作者:安国仁(Anguo Ren)、陈久阳(Jiuyang Chen)、李婷婷(Tingting Li)、甘永义(Yongyi Gan)、张博宇(Boyu Zhang)
单位:大连医科大学医学实验室,中国大连116044
摘要
本研究报道了基于苯并吲哚骨架的三种供体-受体(D-A)荧光探针(BI-1、BI-2和BI-3)的合成。系统地探讨了羧基取代位置和苯并吲哚融合模式对其光物理性质及蛋白质结合行为的影响。光谱分析与分子对接实验表明,细微的结构变化会导致吸收和发射特性、荧光量子产率、pH响应性以及对血清白蛋白的结合倾向出现显著差异。对接研究结合位点特异性竞争性结合实验揭示了这些探针与牛血清白蛋白(BSA)的独特结合位点和相互作用模式,而与人血清白蛋白(HSA)的互补对接则提供了结构上的比较信息。值得注意的是,BI-1在酸性条件下表现出明确的pH依赖性荧光响应,且蛋白质结合对其荧光影响较小;而BI-2和BI-3在结合蛋白质后荧光强度显著增强。这些结果强调了苯并吲哚骨架的微小修饰如何显著改变电子性质、质子化行为和蛋白质结合模式。
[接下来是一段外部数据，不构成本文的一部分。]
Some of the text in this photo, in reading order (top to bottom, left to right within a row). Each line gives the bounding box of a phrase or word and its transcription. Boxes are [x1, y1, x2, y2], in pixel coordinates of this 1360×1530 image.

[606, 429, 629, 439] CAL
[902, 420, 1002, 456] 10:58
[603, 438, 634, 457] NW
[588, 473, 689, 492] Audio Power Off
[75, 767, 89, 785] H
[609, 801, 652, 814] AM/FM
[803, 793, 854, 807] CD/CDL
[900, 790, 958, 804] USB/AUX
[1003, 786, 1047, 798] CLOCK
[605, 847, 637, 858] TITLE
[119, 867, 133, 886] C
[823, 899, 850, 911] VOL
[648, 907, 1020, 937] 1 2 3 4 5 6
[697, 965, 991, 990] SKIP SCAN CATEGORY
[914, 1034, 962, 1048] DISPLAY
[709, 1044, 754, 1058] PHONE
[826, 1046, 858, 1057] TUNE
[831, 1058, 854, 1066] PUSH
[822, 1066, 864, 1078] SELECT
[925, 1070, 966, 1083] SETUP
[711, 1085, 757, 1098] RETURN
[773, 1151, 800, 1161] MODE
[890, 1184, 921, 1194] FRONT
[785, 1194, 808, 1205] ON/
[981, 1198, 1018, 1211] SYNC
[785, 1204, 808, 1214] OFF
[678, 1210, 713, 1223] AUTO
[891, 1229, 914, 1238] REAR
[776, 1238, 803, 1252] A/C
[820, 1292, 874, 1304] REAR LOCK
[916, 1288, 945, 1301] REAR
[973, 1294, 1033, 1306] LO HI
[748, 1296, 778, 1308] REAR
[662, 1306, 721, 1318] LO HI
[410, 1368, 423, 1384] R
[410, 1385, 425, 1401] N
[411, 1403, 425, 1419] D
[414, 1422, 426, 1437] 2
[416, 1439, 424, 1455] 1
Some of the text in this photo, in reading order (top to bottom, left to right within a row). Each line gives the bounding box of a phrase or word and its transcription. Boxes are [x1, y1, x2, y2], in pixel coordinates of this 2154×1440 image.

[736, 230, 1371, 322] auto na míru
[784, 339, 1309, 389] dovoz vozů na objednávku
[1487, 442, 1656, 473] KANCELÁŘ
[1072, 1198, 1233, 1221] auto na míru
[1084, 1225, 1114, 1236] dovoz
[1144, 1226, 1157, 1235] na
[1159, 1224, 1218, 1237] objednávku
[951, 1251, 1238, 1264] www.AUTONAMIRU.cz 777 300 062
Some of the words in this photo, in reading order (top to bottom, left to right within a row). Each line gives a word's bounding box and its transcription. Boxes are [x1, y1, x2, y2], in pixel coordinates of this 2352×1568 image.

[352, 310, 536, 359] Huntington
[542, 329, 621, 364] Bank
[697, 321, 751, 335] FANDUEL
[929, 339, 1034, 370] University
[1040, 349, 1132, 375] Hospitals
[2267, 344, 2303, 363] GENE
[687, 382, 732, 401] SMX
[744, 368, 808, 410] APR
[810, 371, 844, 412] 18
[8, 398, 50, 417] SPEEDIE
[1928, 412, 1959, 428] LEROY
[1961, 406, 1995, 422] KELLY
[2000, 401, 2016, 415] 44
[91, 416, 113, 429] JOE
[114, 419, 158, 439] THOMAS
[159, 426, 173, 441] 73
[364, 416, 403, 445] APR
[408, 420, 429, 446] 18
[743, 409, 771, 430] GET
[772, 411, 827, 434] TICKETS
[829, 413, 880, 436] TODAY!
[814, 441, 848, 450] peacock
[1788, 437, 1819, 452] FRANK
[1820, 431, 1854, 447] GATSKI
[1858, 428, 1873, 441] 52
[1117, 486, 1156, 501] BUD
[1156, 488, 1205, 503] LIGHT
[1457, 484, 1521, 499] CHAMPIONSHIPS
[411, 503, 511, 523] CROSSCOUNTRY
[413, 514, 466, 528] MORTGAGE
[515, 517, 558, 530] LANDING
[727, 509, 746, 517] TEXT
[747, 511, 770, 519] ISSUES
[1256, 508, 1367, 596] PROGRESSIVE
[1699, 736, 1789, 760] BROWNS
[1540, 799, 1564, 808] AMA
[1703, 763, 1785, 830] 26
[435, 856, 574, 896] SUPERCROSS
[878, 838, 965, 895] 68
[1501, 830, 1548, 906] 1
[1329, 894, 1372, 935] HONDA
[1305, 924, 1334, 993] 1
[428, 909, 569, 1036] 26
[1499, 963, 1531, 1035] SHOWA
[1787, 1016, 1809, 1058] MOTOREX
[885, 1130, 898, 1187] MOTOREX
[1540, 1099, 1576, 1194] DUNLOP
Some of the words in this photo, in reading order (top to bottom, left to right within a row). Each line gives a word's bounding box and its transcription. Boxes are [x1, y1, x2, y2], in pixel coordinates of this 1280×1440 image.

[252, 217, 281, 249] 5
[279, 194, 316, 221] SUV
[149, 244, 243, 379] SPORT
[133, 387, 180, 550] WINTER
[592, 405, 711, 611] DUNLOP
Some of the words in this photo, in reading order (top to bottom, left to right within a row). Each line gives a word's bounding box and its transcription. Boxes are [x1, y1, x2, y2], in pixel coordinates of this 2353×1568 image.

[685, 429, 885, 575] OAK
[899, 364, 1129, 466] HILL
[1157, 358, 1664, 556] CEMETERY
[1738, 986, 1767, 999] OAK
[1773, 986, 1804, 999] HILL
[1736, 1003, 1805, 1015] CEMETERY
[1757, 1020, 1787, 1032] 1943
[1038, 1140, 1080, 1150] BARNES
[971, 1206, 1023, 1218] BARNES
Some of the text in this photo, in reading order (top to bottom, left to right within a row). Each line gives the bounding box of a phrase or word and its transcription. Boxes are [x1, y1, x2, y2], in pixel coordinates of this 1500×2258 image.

总体而言,本研究为基于苯并吲哚的D-A体系建立了明确的结构-性质-结合关系,为功能性荧光分子的合理设计提供了机制上的见解和指导原则。
引言
供体-π-受体(D-π-A)荧光染料因其微环境敏感的分子内电荷转移(ICT)行为而成为分子传感和高分辨率生物成像的重要结构平台[1][2][3]。通过调节供体/受体部分的电子效应和构象自由度,这些染料能够在可见光到近红外(NIR)光谱范围内实现可调的吸收和发射特性。这些荧光团对局部环境参数(如极性、氢键网络和粘度)具有明显的响应性。具体来说,ICT状态对介电环境的波动敏感,而空间不受限制的系统可以形成扭曲分子内电荷转移(TICT)状态,从而引入非辐射性的失活途径,这与分子的旋转自由度相关[4][5][6]。在各种杂环骨架中,基于苯并吲哚的荧光团因其扩展的芳香π体系和相对刚性的骨架而脱颖而出,通常具有优异的光稳定性和高摩尔吸光度。这些优点为构建高亮度成像剂和环境响应性探针奠定了坚实的基础[7][8]。因此,基于苯并吲哚的D-π-A荧光团已被广泛用于开发用于监测微环境参数(包括局部pH值、极性和粘度)的“开启型”或比率型传感器[6][9][10][11]。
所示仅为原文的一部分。